Home Sweet Home

When we talk about becoming a “healthcare home” we don’t mean that we’re going to build a clinic with bedrooms and a big family room with a pool table and an entertainment center. We mean that we want to create a place that feels like a home--a place that feels like family. 

The upsides to this approach are obvious and many. When patients feel cared for and known, they are more loyal, more trusting, more satisfied and much more engaged in their healthcare. When we and our staff feel cared for and known, we are more joyful, more engaged, more collaborative and a lot more effective. This vision of a big, happy healthcare family in a joyful healthcare home is something all of us would love to have. Why, then, is it so hard to create? And why does “healthcare home” so often end up as an empty promise--a slogan to put up on the billboards and the website--instead of a reality?
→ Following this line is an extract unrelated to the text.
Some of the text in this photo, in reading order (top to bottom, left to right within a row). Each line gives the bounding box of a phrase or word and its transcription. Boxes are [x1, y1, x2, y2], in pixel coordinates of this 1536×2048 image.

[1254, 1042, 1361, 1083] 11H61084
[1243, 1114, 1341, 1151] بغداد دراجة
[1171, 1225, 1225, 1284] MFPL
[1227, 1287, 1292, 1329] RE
The alternative to a healthcare home is a healthcare business. Over the last few decades, with the decline of the small private practice and the rise of giant healthcare corporations, this has become the dominant model in our industry. It’s not about family--it’s about the exchange of services for money. It’s about transactions. 
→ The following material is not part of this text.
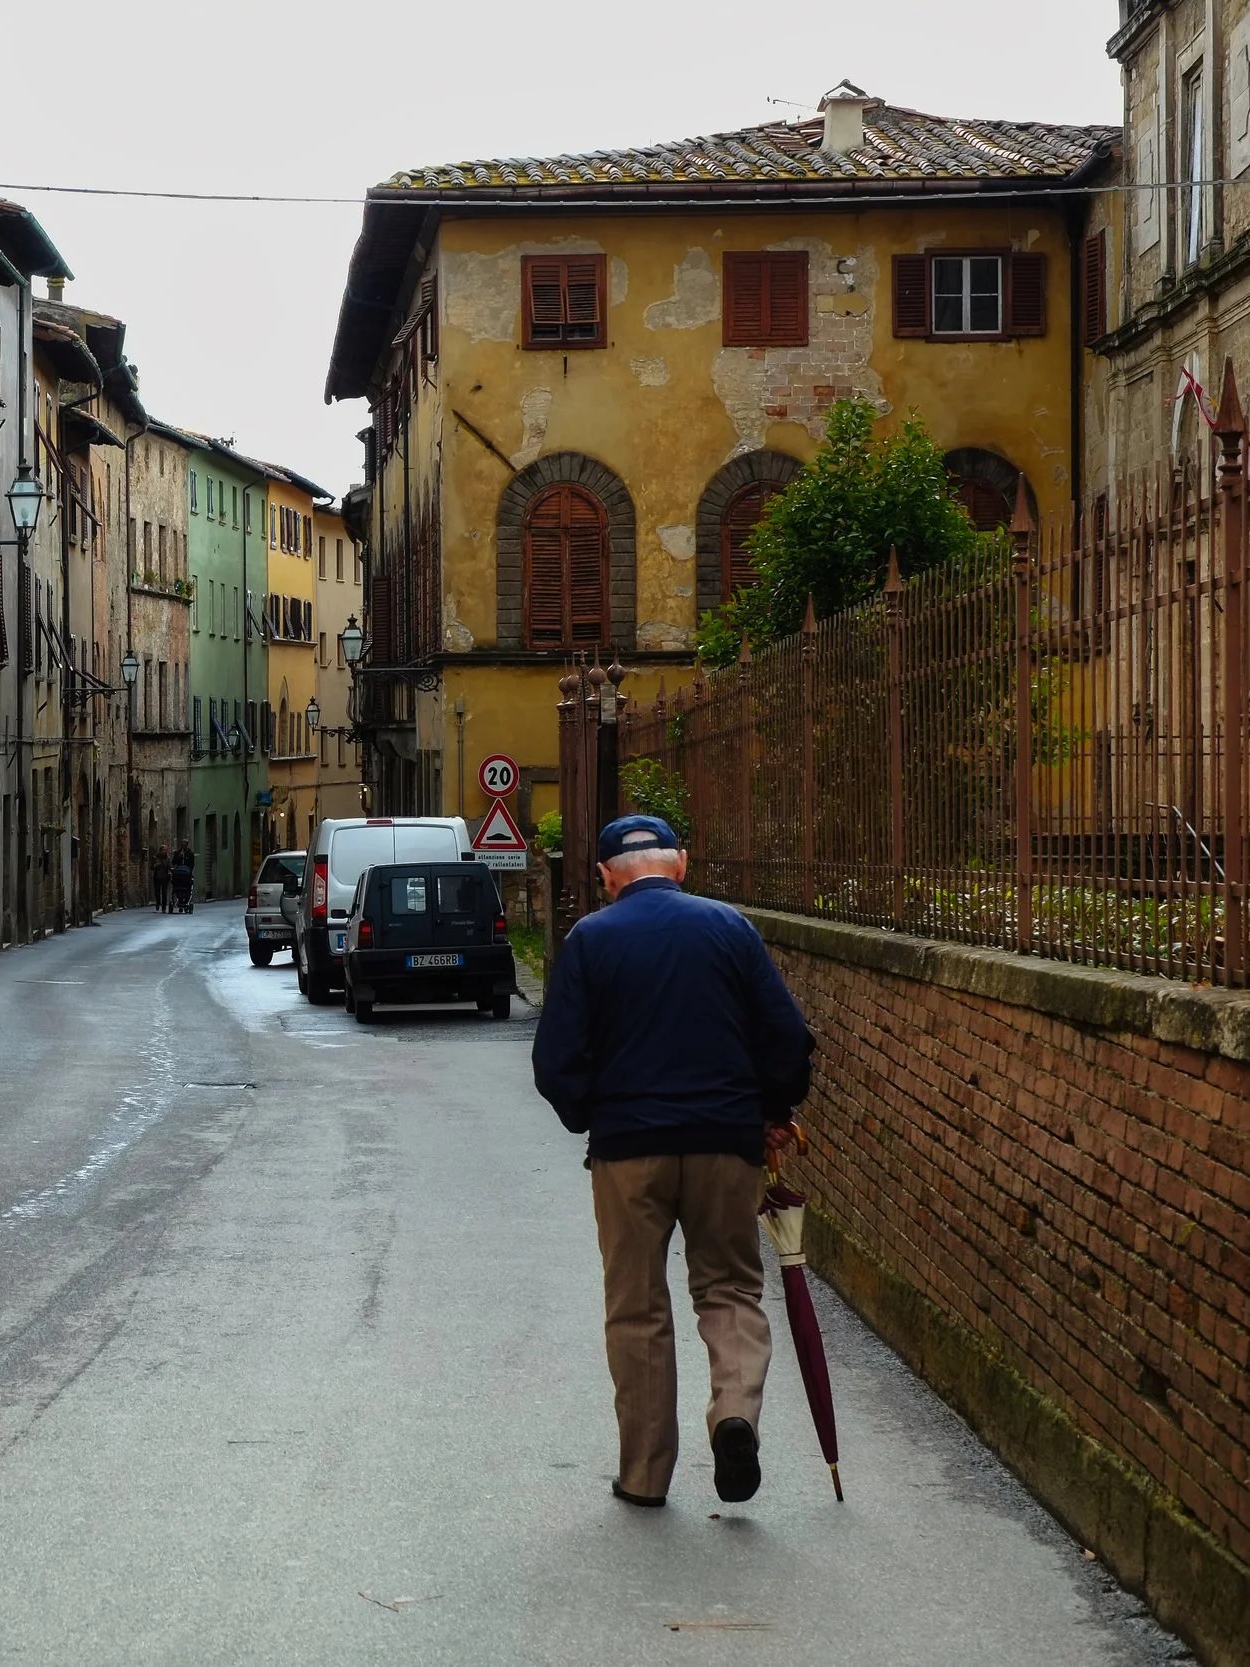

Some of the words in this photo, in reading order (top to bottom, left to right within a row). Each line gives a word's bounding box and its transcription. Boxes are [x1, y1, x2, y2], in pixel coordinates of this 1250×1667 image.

[487, 766, 512, 786] 20
[413, 956, 425, 967] BZ
[429, 954, 458, 966] 466RB
No one thinks this healthcare model works very well. Patients feel dehumanized and disrespected. Employees feel like replaceable cogs in a machine. But the system does what it was designed to do, and it does it well. It makes money. And because we all know that it’s a transactional system, we treat it like one. We don’t expect caring or loyalty or trust, so we don’t get upset when those things are missing. We only expect to get what we pay for--no more and no less.
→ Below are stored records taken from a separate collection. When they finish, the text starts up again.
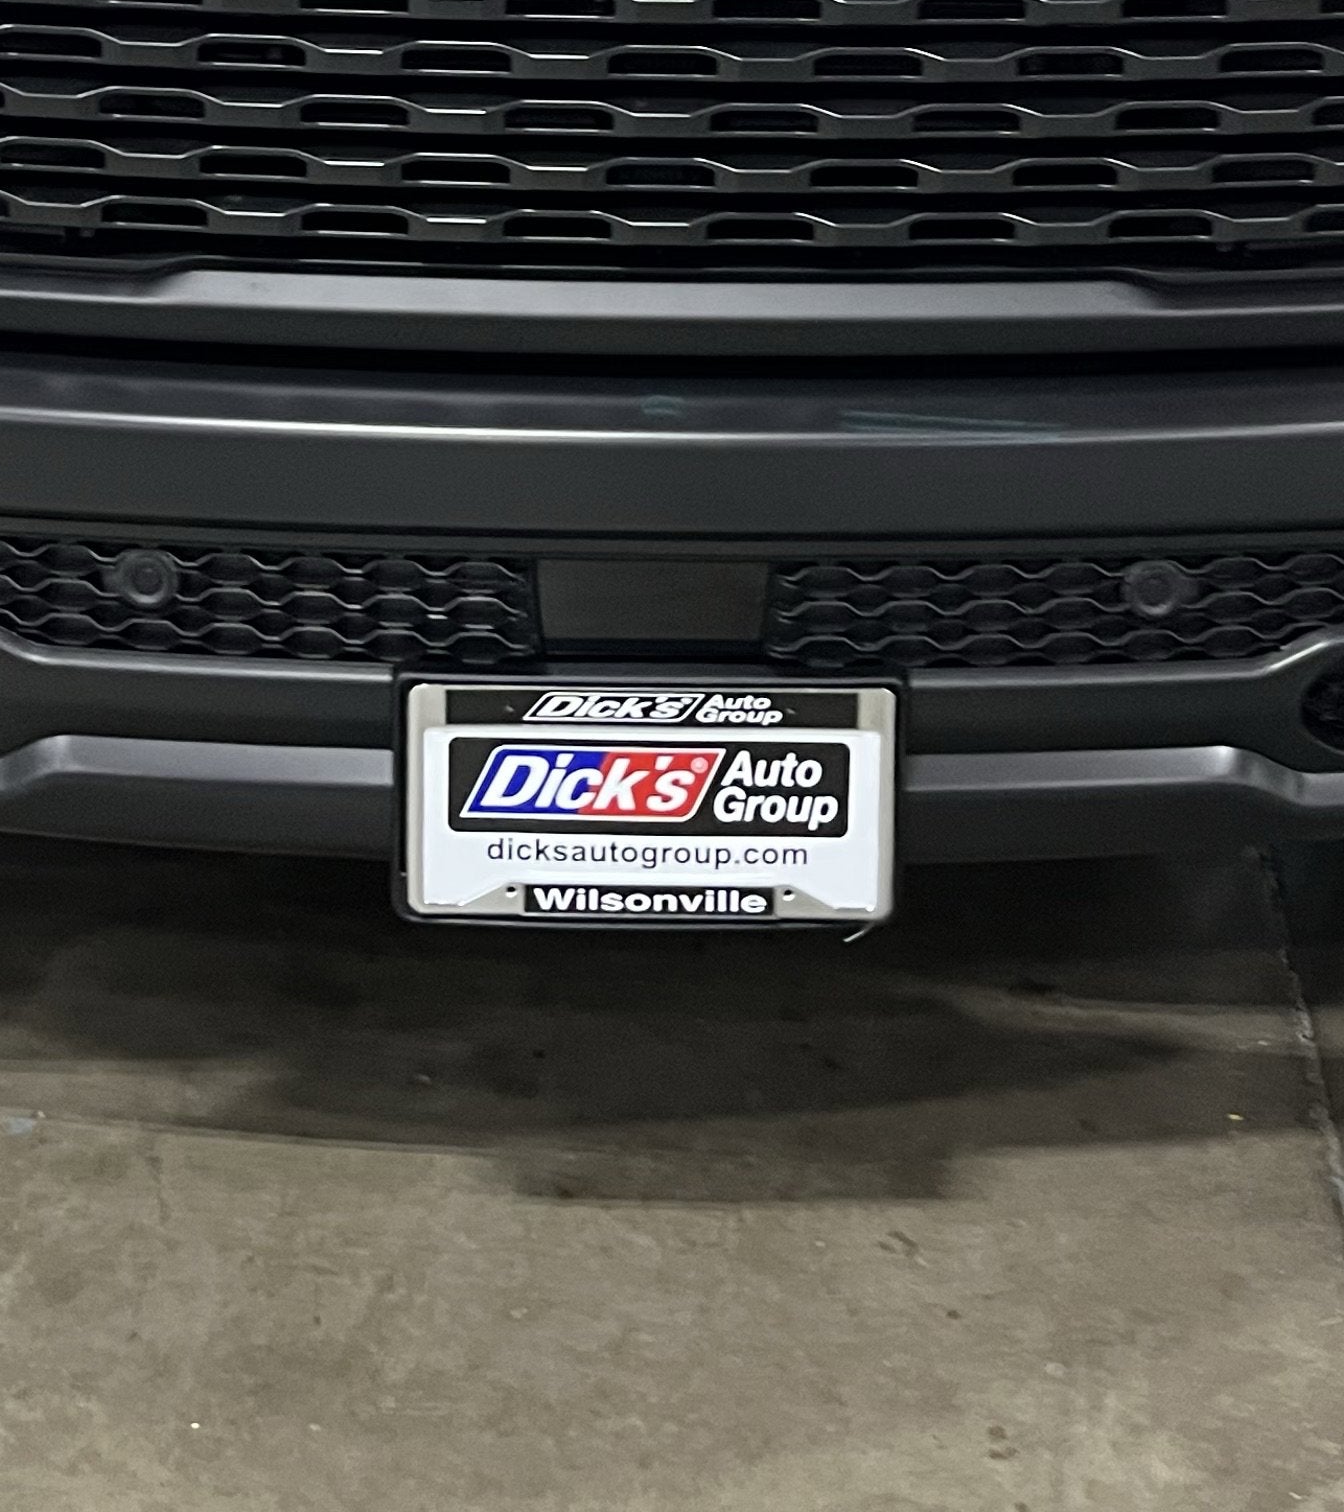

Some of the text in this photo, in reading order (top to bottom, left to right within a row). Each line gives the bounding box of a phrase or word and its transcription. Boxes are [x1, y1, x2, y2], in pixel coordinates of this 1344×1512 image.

[535, 694, 772, 720] Dick's Auto
[695, 707, 784, 726] Group
[478, 749, 823, 812] Dick's Auto
[713, 789, 840, 831] Group
[487, 838, 809, 869] dicksautogroup.com
[533, 886, 768, 915] Wilsonville
This gets to the heart of why creating a healthcare home is so difficult. If you want people to feel like family, you have to treat them that way. And once you start, you can’t just stop. Once you establish that a relationship is based on caring, to withhold that caring is a profound betrayal. To refuse to see a patient because they missed their bus and showed up late becomes like locking the door when your cousin is late for Thanksgiving dinner. To refuse to accommodate an employee’s need to breast pump during their shift becomes like telling your sister-in-law she can’t feed her newborn in your house. 

If we want to become a healthcare home, we have to treat the people in that home like family. This is a fundamental change in the relationships that connect us. Each one is a social contract, not a business transaction. The payoff is huge, but so is the commitment. And if we can’t deliver on that commitment, then we should think twice before we make it.